Contes cruels du Bushido : La corruption d’un code d’honneur

Nous proposant régulièrement des découvertes filmiques venues du Japon, Carlotta a de nouveau frappé très fort le 20 septembre dernier en sortant en blu-ray et DVD Contes cruels du Bushido, film réalisé par Tadashi Imai et récompensé de l’Ours d’Or à la Berlinale en 1963. Soit une totale découverte pour nous qui n’avions jamais entendu parler du cinéaste (pourtant sacrément prolifique), le film ouvrant pour nous de nouveaux horizons sur une carrière et tout un pan du cinéma japonais qu’il nous reste encore à explorer, témoignant de sa superbe richesse.

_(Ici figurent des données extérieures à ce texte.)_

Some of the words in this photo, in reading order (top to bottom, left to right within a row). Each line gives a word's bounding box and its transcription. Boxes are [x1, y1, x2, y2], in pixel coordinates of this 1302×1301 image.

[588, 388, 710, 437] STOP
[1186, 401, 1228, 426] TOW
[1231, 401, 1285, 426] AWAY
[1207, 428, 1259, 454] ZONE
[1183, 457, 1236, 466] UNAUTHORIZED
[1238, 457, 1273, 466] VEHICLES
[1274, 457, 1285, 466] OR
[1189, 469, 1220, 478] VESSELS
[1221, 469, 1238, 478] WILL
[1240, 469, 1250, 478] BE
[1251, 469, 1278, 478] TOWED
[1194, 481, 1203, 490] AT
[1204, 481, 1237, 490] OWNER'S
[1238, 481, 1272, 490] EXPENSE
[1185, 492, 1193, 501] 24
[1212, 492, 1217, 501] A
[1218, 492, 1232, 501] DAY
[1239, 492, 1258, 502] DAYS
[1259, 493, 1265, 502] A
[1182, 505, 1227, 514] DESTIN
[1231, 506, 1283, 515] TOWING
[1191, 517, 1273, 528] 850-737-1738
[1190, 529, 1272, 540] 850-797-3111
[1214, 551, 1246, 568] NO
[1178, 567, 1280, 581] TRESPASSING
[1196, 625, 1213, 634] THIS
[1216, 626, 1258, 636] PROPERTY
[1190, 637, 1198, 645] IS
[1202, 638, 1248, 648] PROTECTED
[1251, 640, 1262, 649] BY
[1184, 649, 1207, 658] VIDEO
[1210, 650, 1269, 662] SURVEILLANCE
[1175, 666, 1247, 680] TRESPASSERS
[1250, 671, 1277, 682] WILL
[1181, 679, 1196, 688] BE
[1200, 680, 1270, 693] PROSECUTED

Le moins que l’on puisse dire, c’est que Contes cruels du Bushido porte bien son nom. Le film s’ouvre alors que Iikura vient d’apprendre la tentative de suicide de sa fiancée. En rentrant chez lui, il découvre les écrits de ses ancêtres samouraïs et comprend alors que depuis des générations, toute sa famille a enduré des atrocités au nom du code d’honneur du bushido. En effet, soumis à leurs seigneurs, les samouraïs accomplissaient des actes de violence sur leurs ordres mais se retrouvaient souvent à être les premières victimes de ce code détourné à des fins cruelles…

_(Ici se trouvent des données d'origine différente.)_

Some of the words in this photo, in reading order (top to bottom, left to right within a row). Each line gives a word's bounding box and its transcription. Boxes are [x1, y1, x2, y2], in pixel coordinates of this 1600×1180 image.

Le film va alors s’appliquer à nous montrer le parcours de cette famille sur sept générations (avec à chaque fois le brillant acteur Kinnosuke Nakamura dans les rôles des chefs successifs de la famille) et à montrer comment ses membres ont souffert de la cruauté des seigneurs, au nom de vertus et de traditions utilisées à des fins tout à fait personnelles… Loin de l’imagerie noble de ce code habituellement véhiculée par le cinéma japonais, Tadashi Imai va montrer combien le code du bushido est vicié et corrompu, permettant aux seigneurs de commettre en toute impunité de nombreuses exactions. C’est ainsi que, un à un, les héros du film connaîtront un destin tragique. Entre le servant soumis aux pulsions et à la jalousie de son seigneur ou encore le samouraï condamné parce que sa femme a refusé de se donner à son seigneur, c’est un enchaînement de récits cruels auxquels nous assistons, parfois médusés par l’audace d’un cinéaste qui tape sur tout le monde, autant sur la corruption des puissants agissant en toute impunité que sur la soumission aveugle et presque stupide des samouraïs refusant de déroger à un code obsolète, préférant mourir plutôt que de vivre dans le déshonneur ou pour la vengeance.

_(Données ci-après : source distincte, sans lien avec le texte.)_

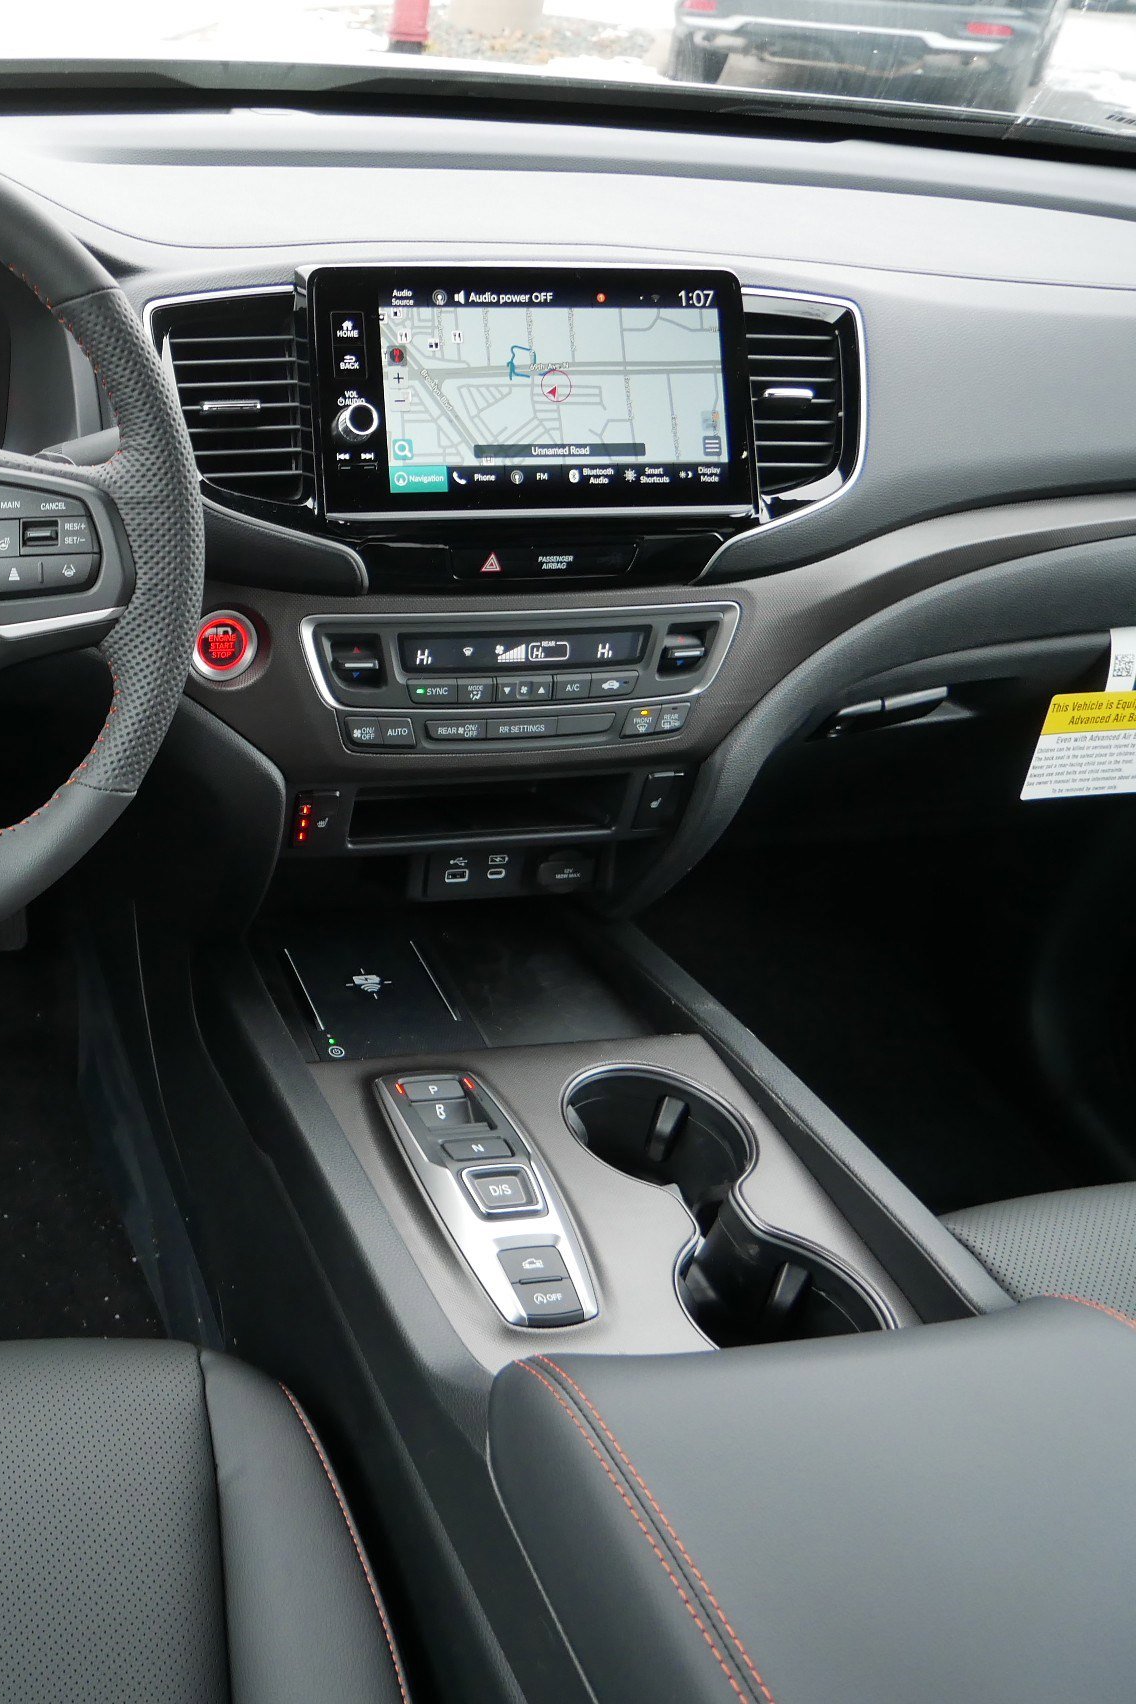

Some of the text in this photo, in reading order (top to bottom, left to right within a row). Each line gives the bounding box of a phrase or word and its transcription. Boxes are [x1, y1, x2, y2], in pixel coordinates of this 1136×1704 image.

[469, 292, 553, 305] Audio power OFF
[678, 290, 714, 306] 1:07
[340, 361, 359, 370] BACK
[420, 369, 441, 395] Brooklyn
[532, 446, 590, 455] Unnamed Road
[41, 502, 66, 510] CANCEL
[566, 684, 579, 692] A/C
[1052, 703, 1069, 713] This
[1072, 701, 1103, 712] Vehicle
[1106, 700, 1113, 709] is
[1068, 714, 1126, 725] Advanced Air
[510, 724, 544, 733] SETTINGS
[429, 1085, 438, 1094] P
[472, 1144, 485, 1152] N
[489, 1185, 512, 1196] D/S
[547, 1293, 562, 1301] OFF

La dernière partie du film, racontant comment la fiancée de Iikura en est venue à essayer de se suicider se montre encore plus féroce. Désormais, les puissants seigneurs ont troqué leurs kimonos d’apparat pour des costumes de grands patrons d’entreprises mais si le monde a évolué, leurs méthodes restent identiques, s’immisçant jusque dans la vie privée de leurs employés pour repousser un mariage ou donner leur avis sur leur couple. Tadashi Imai brosse alors le portrait d’une société corrompue par un système traditionnel favorisant les injustices et les abus de pouvoir, où le fameux code peut être brandi dès que cela arrange les puissants. Un regard acéré, que le cinéaste transcende par une mise en scène dépouillée de tout romantisme, n’hésitant pas à montrer la violence sans artifices dans un noir et blanc épuré auquel la restauration 4K rend parfaitement justice. Un indispensable du cinéma japonais en somme, une fois de plus dégoté par un éditeur au catalogue riche et pertinent !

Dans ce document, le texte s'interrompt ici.